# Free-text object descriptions
━━━━━━━━━━━━━━━━━━━━
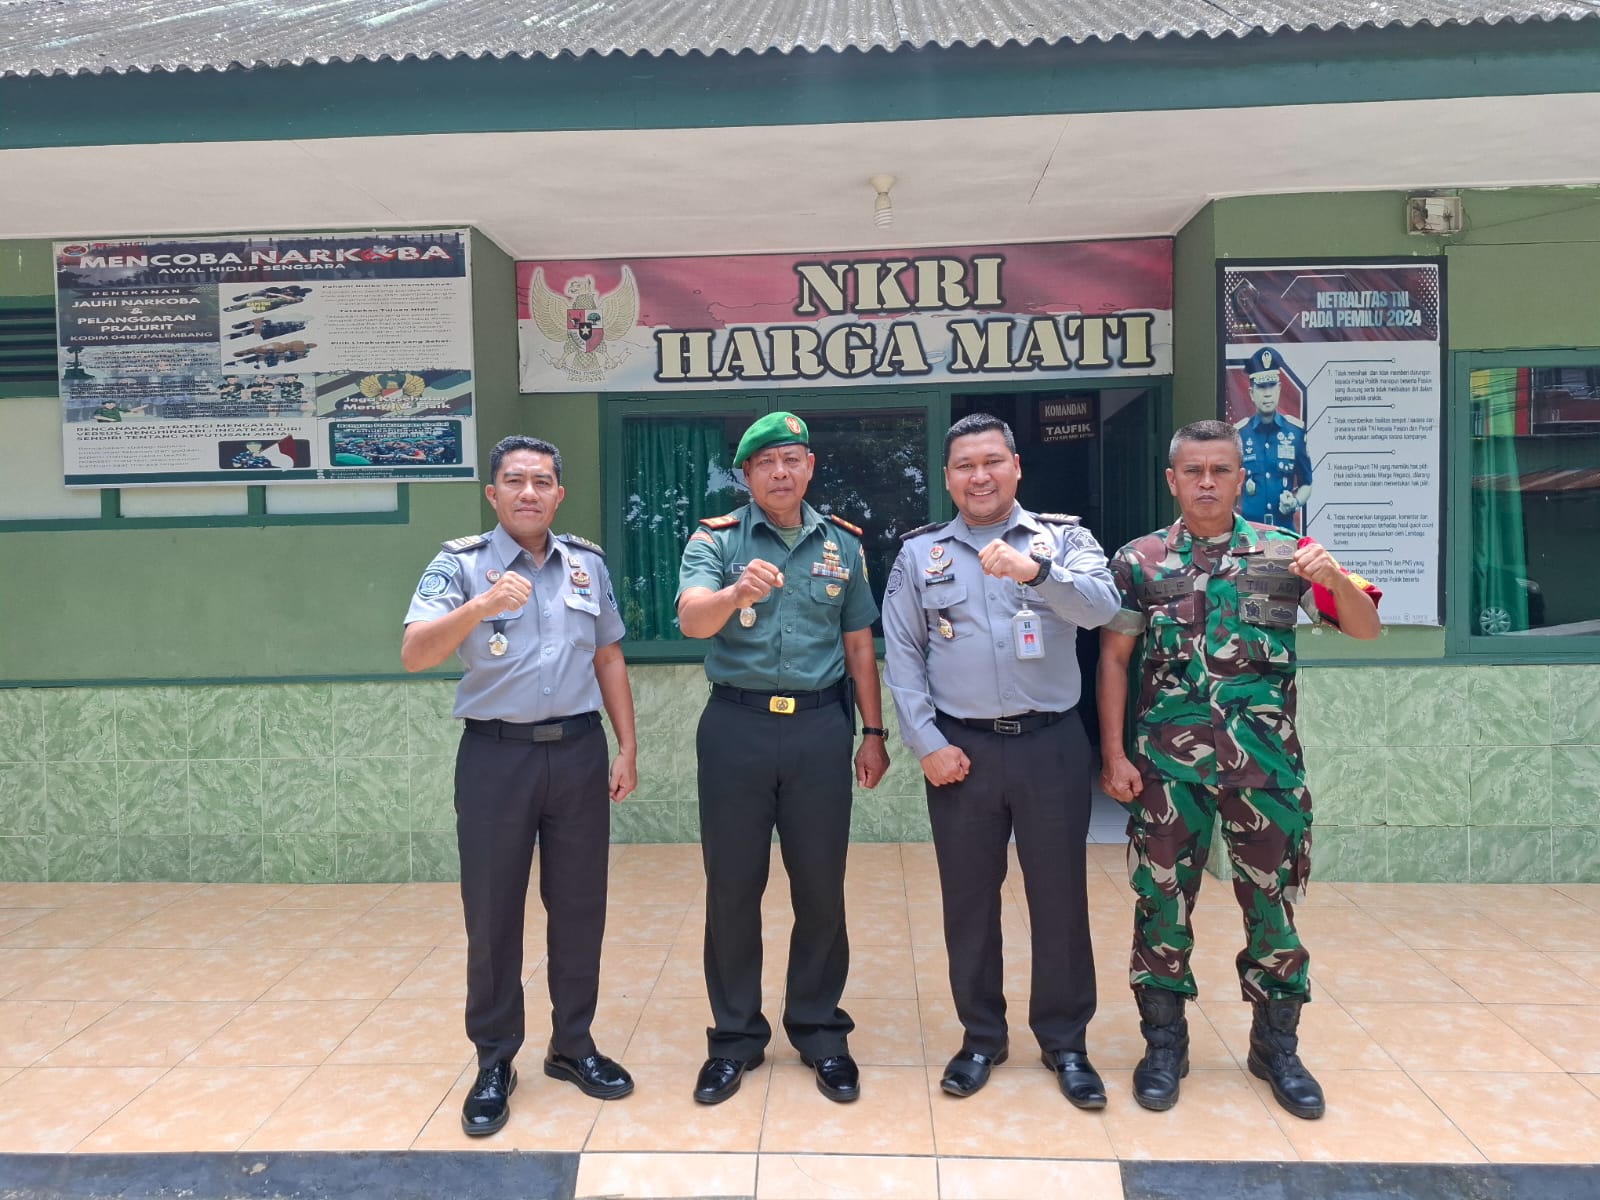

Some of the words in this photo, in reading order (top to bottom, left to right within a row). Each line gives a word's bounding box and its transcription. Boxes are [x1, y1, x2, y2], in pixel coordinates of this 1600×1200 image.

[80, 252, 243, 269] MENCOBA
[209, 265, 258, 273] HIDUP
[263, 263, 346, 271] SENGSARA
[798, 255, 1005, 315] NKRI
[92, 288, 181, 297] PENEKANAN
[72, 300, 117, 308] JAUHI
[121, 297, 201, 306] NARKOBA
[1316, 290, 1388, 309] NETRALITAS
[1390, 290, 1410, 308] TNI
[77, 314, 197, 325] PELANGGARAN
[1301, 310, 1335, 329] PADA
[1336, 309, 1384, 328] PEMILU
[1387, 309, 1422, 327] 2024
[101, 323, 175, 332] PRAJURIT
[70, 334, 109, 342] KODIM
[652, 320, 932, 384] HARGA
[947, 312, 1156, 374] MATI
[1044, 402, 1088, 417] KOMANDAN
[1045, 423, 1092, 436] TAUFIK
━━━━━━━━━━━━━━━━━━━━
# Task goal
The copy you give must repeat each record character for character, but it must not include the pictures.

# Expected answer
Some of the words in this photo, in reading order (top to bottom, left to right within a row). Each line gives a word's bounding box and its transcription. Boxes are [x1, y1, x2, y2], in pixel coordinates of this 1600×1200 image.

[80, 252, 243, 269] MENCOBA
[209, 265, 258, 273] HIDUP
[263, 263, 346, 271] SENGSARA
[798, 255, 1005, 315] NKRI
[92, 288, 181, 297] PENEKANAN
[72, 300, 117, 308] JAUHI
[121, 297, 201, 306] NARKOBA
[1316, 290, 1388, 309] NETRALITAS
[1390, 290, 1410, 308] TNI
[77, 314, 197, 325] PELANGGARAN
[1301, 310, 1335, 329] PADA
[1336, 309, 1384, 328] PEMILU
[1387, 309, 1422, 327] 2024
[101, 323, 175, 332] PRAJURIT
[70, 334, 109, 342] KODIM
[652, 320, 932, 384] HARGA
[947, 312, 1156, 374] MATI
[1044, 402, 1088, 417] KOMANDAN
[1045, 423, 1092, 436] TAUFIK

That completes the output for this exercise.